Il giorno seguente sul giornale c’era un altro articolo che parlava ancora di quel ritrovamento misterioso. Si diceva che in zona nessuno conoscesse quello straniero, ma un volontario del CAI che aveva collaborato al trasporto di quei resti insieme ai “fratelli della Misericordia”, aveva dichiarato una cosa molto interessante: “Il corpo era deteriorato ed emanava un tanfo terribile ma era integro, nel senso che nessun animale piccolo o grande ne aveva approfittato per nutrirsi.”

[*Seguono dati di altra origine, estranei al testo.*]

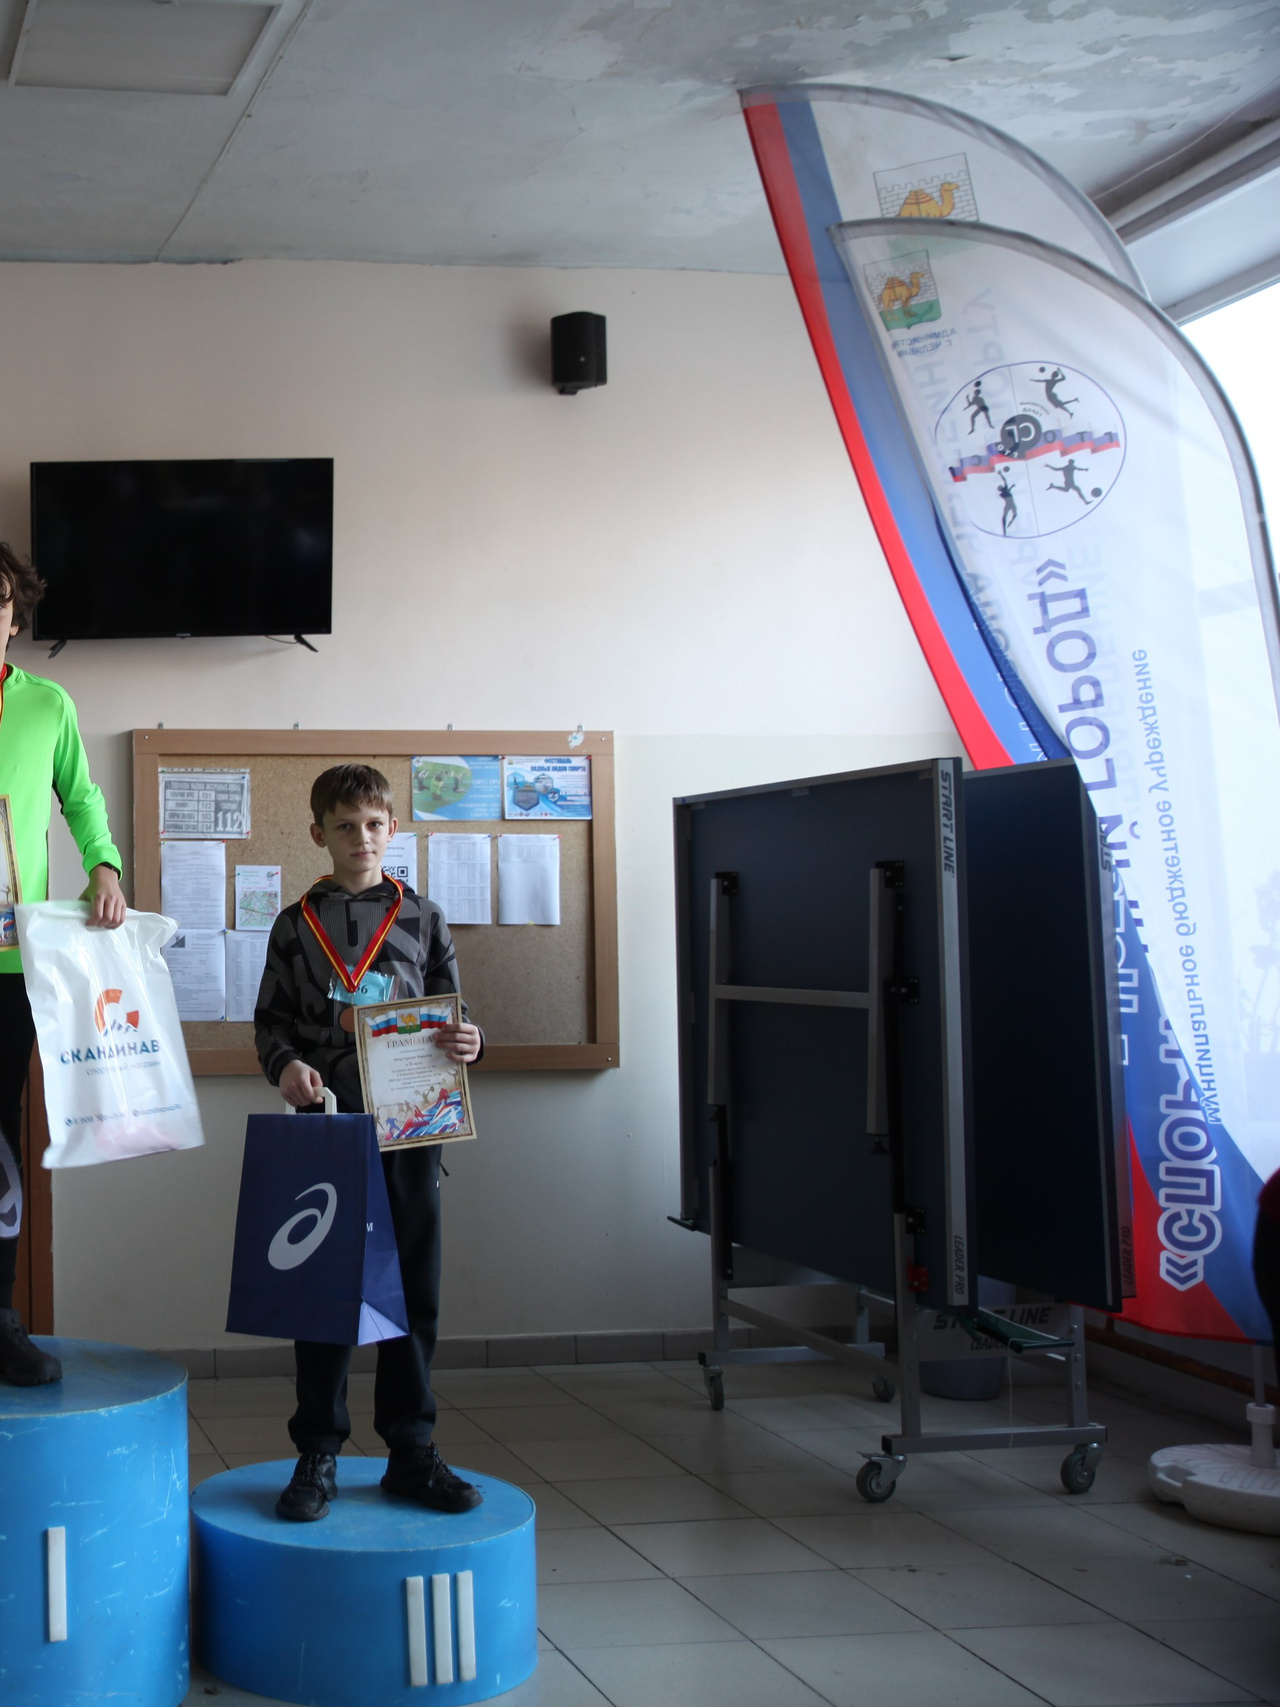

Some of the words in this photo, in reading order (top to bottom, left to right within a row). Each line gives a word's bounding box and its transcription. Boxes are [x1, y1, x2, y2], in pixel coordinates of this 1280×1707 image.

D’altra parte, l’escursionista che l’aveva individuato per primo raccontava una cosa altrettanto singolare: “A me piace andare per sentieri poco frequentati e quando, richiamato dal cattivo odore, mi sono diretto in quella radura e l’ho visto, ho vissuto alcuni momenti di paura. Poco più sopra c’era un lupo; sì era proprio un lupo, almeno credo, che mi guardava. Aveva occhi scintillanti e stava lì immobile; poi improvvisamente è sparito.“
– Io continuo ancora adesso a camminare sui nostri monti; mi sembra una delle cose più belle che si possa fare, ma non mi sono dimenticato di Hans. Tutte le volte che arrivo in quei boschi lontani, soprattutto intorno a Luogomano, ho la sensazione di poterlo ancora incontrare e, alcune volte, e questa non è una sensazione perché non sono ancora diventato matto, quando mi attardo fino al limite del tramonto suscitando le riprovazioni di Matilde, sento un ululato non lontano. Gli amici mi prendono in giro, e dicono invece si tratti semplicemente di un cane abbandonato. Ma io ne sono sicuro; è il lupo solitario di Hans che sente la presenza di colui che un giorno è stato per qualche ora amico del suo amico.

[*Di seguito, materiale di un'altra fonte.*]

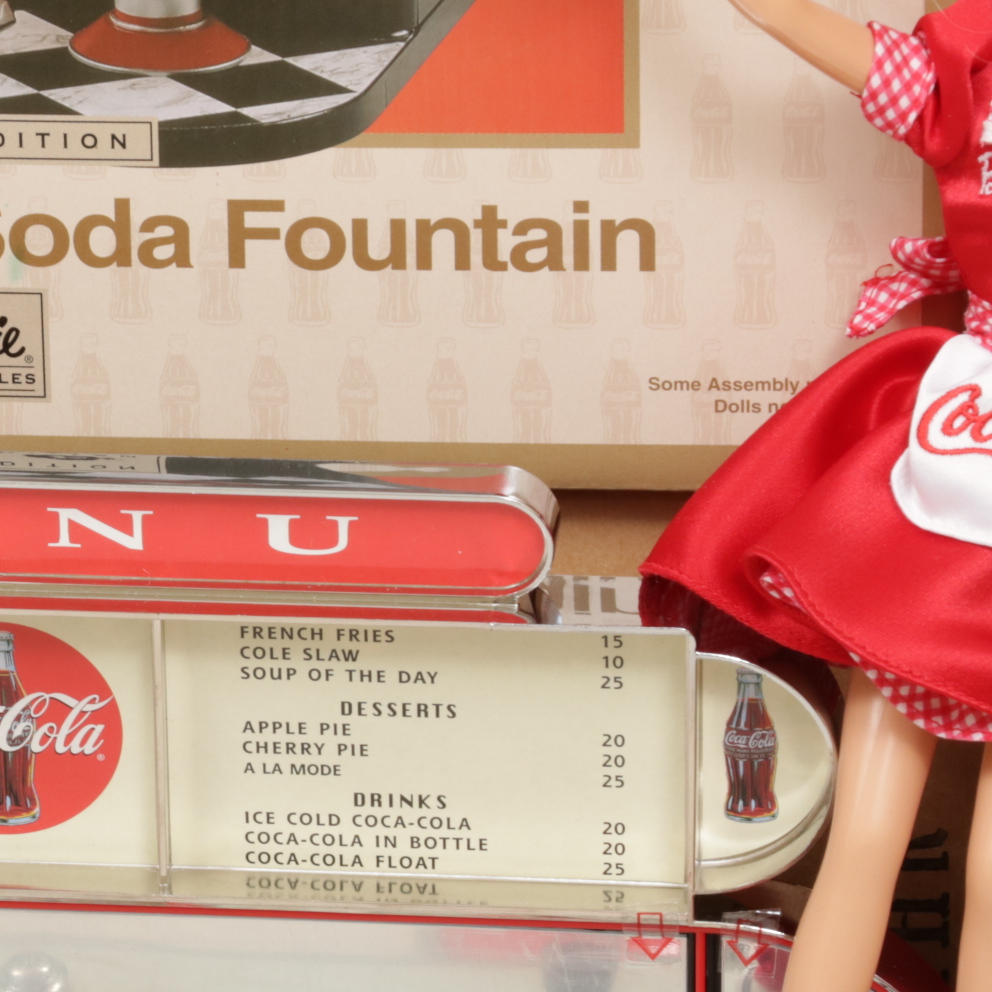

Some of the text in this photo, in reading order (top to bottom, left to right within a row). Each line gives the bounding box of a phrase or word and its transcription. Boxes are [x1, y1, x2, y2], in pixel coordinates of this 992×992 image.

[226, 199, 657, 273] Fountain
[648, 376, 702, 391] Some
[707, 377, 800, 395] Assembly
[714, 398, 762, 413] Dolls
[240, 626, 623, 648] FRENCH FRIES 15
[240, 646, 624, 669] COLE SLAW 10
[241, 667, 623, 689] SOUP OF THE DAY 25
[341, 701, 456, 718] DESSERTS
[243, 721, 625, 747] APPLE PIE 20
[724, 729, 775, 749] Coca-Cola
[243, 741, 625, 768] CHERRY PIE 20
[244, 762, 624, 788] A LA MODE 25
[354, 792, 446, 809] DRINKS
[245, 811, 625, 835] ICE COLD COCA-COLA 20
[245, 831, 625, 855] COCA-COLA IN BOTTLE 20
[245, 851, 625, 876] COCA-COLA FLOAT 25
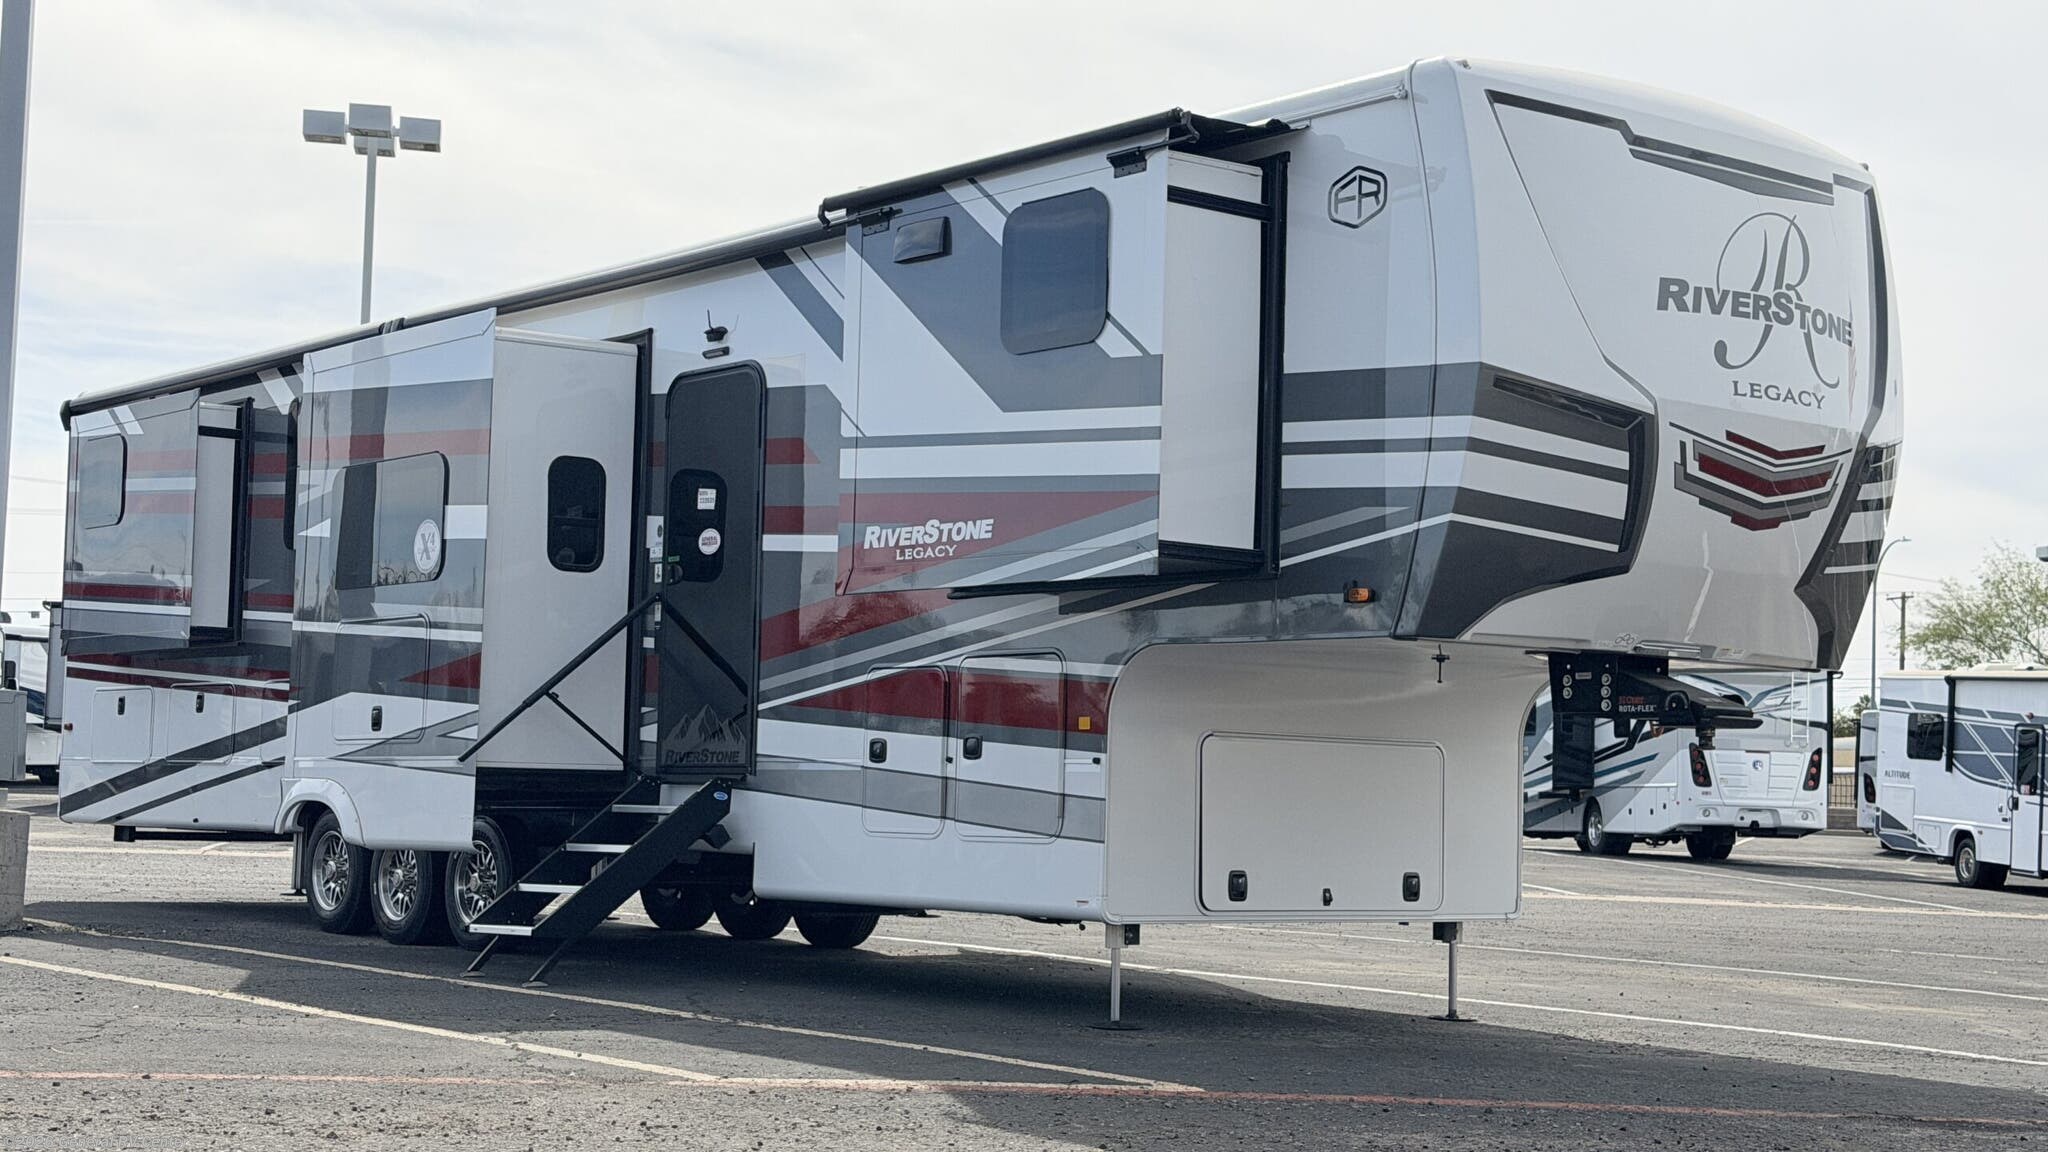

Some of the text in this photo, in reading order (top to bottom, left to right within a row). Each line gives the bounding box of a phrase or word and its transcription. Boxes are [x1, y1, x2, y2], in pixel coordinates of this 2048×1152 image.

[1656, 277, 1853, 347] RIVERSTONE
[1732, 380, 1826, 409] LEGACY
[863, 518, 994, 549] RIVERSTONE
[895, 545, 957, 560] LEGACY
[665, 748, 740, 763] RIVERSTONE
[1884, 770, 1910, 779] ALTITUDE

Ha vegliato il suo corpo chissà per quanti giorni, impedendo che qualche predatore ne facesse scempio. Non può far parte di un branco, l’odore di essere umano che si porta dietro glielo impedisce e con il suo ululato manifesta la sua orgogliosa solitudine.

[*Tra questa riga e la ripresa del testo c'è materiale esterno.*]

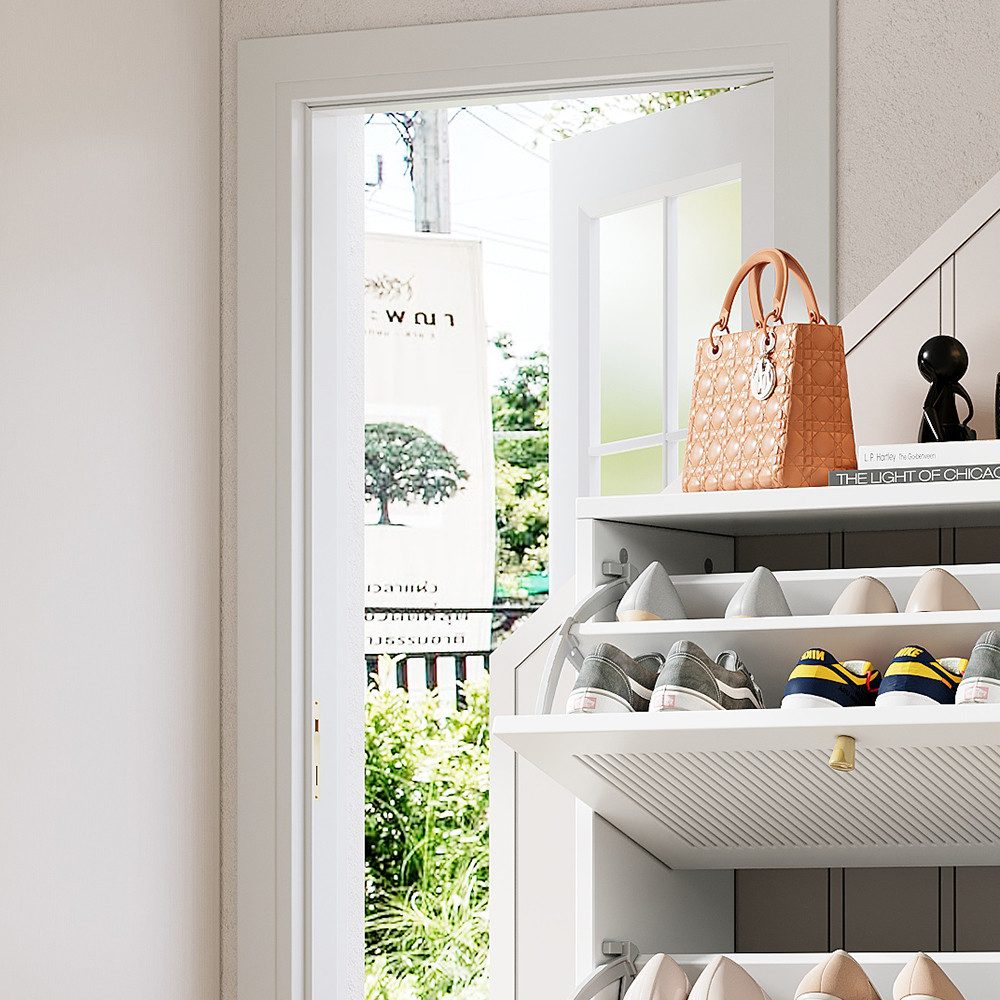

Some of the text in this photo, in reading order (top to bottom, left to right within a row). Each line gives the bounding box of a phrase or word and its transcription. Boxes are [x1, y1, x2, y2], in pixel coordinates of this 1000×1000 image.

[836, 472, 868, 485] THE
[870, 470, 917, 484] LIGHT
[918, 469, 941, 482] OF
[894, 647, 924, 659] NIKE

Sentendomi sciolto dalla mia promessa ho deciso di raccontare questa vicenda perché non vada persa nel nulla la memoria di un uomo coraggioso che ha fatto una scelta non comune, sicuramente non compresa da molti, anzi scambiata con arrendevolezza. Al contrario, quell’uomo non si era voluto arrendere al non senso. Lui era alla ricerca di frammenti di luce e li cercava nella natura per vivere pienamente il grande concerto della vita, sentendo di farne parte.